→ Requirement
Once the line with "Some of the words" is found, repeat exactly that line and every one after it until the data below ends, including the last line.

Source data below:

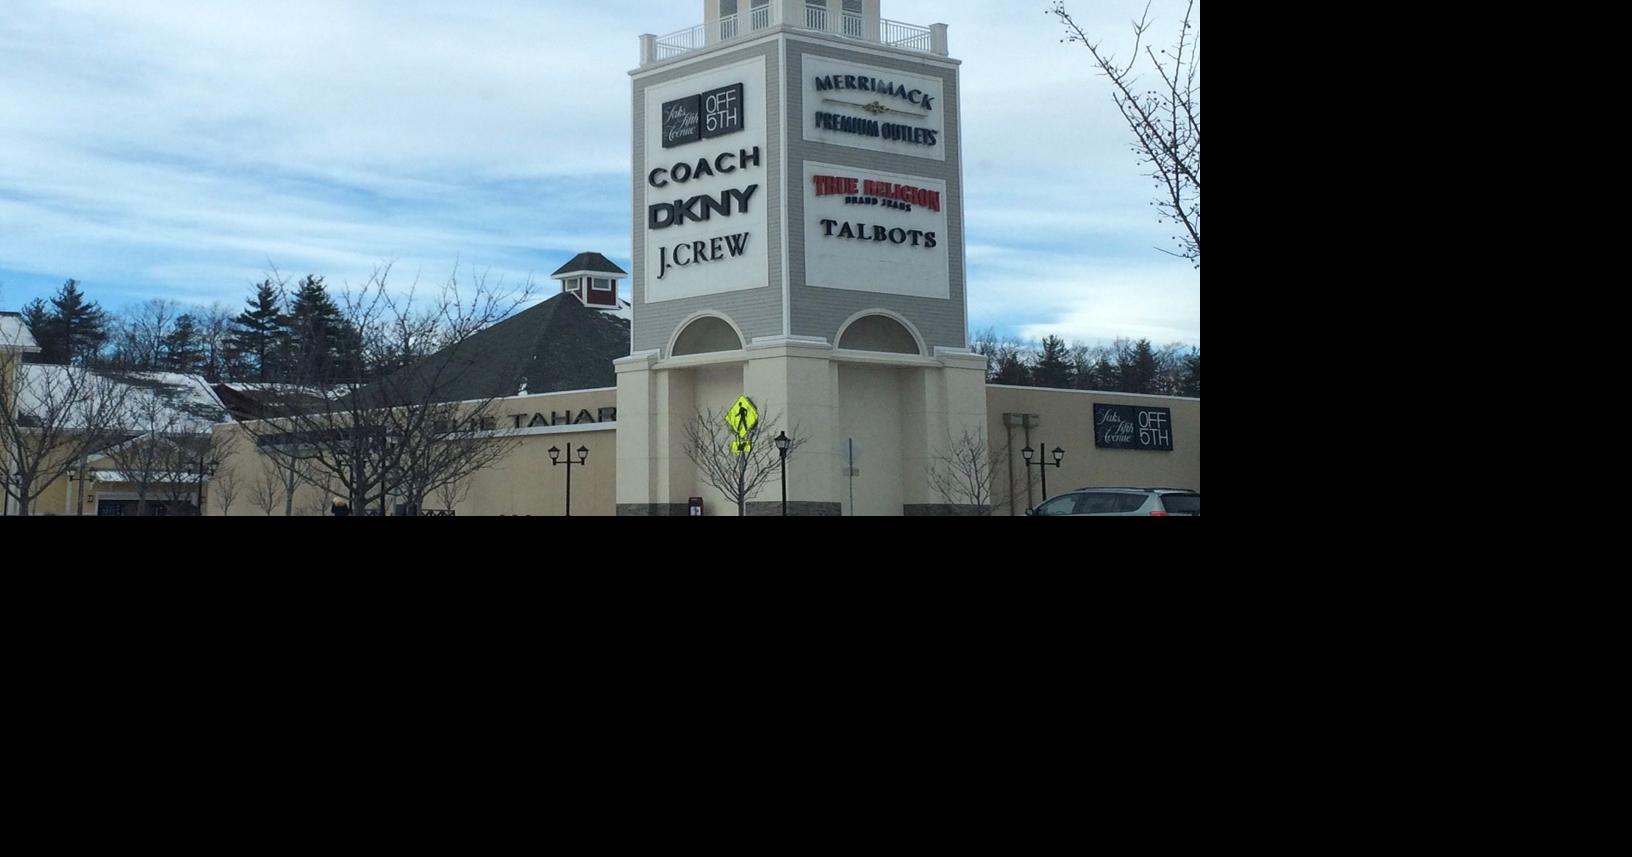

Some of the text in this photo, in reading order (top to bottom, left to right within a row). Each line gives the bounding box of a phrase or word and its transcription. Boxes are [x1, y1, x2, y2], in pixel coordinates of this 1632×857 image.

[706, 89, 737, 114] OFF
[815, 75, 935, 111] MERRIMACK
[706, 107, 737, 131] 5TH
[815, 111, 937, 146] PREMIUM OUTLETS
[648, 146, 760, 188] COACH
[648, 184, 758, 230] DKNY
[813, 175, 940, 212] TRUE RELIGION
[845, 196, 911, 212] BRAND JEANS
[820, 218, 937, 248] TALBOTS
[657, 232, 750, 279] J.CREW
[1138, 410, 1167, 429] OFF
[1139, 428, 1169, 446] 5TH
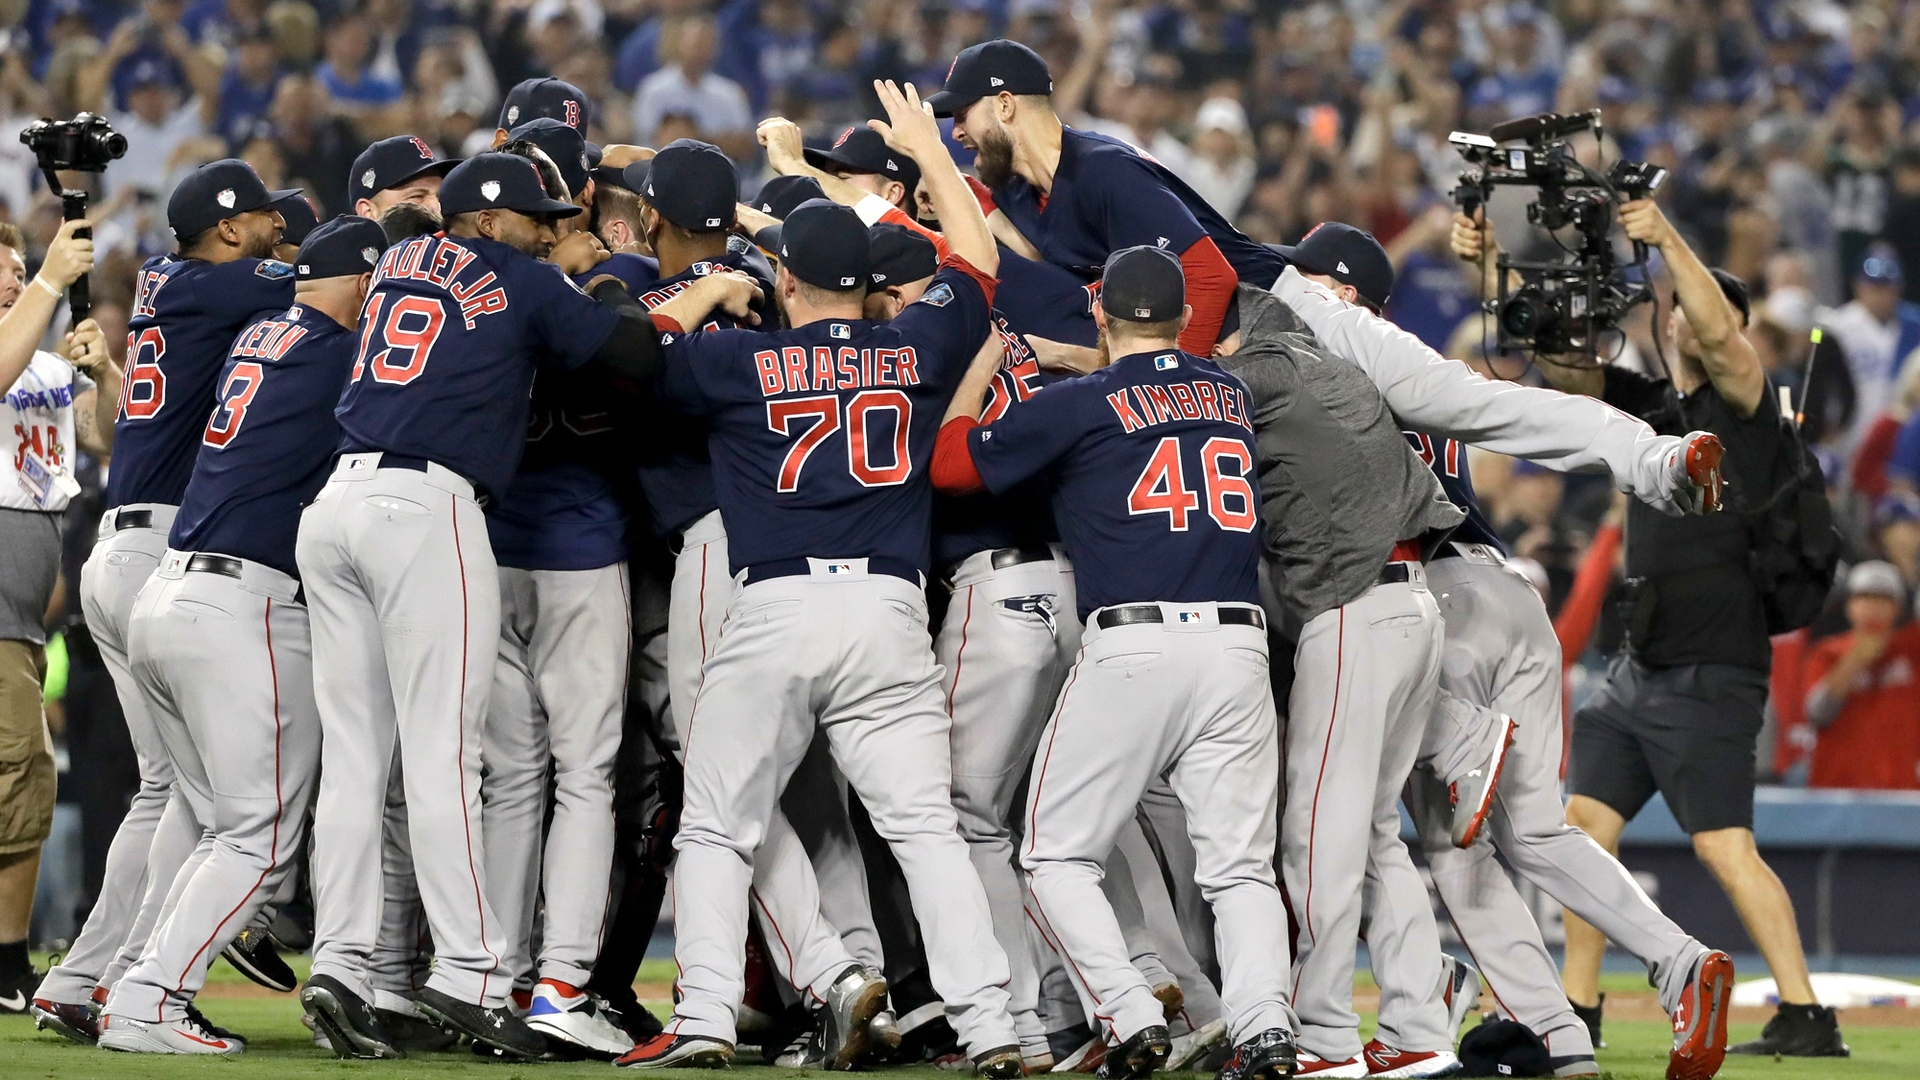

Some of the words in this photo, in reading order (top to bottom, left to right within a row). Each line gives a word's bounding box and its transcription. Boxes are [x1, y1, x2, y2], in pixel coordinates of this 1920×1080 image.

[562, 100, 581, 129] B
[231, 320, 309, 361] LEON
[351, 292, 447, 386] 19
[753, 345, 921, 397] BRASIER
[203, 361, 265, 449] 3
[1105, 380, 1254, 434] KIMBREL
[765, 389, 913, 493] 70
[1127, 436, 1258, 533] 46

End of Source data.

→ Exercise answer
Some of the words in this photo, in reading order (top to bottom, left to right within a row). Each line gives a word's bounding box and its transcription. Boxes are [x1, y1, x2, y2], in pixel coordinates of this 1920×1080 image.

[562, 100, 581, 129] B
[231, 320, 309, 361] LEON
[351, 292, 447, 386] 19
[753, 345, 921, 397] BRASIER
[203, 361, 265, 449] 3
[1105, 380, 1254, 434] KIMBREL
[765, 389, 913, 493] 70
[1127, 436, 1258, 533] 46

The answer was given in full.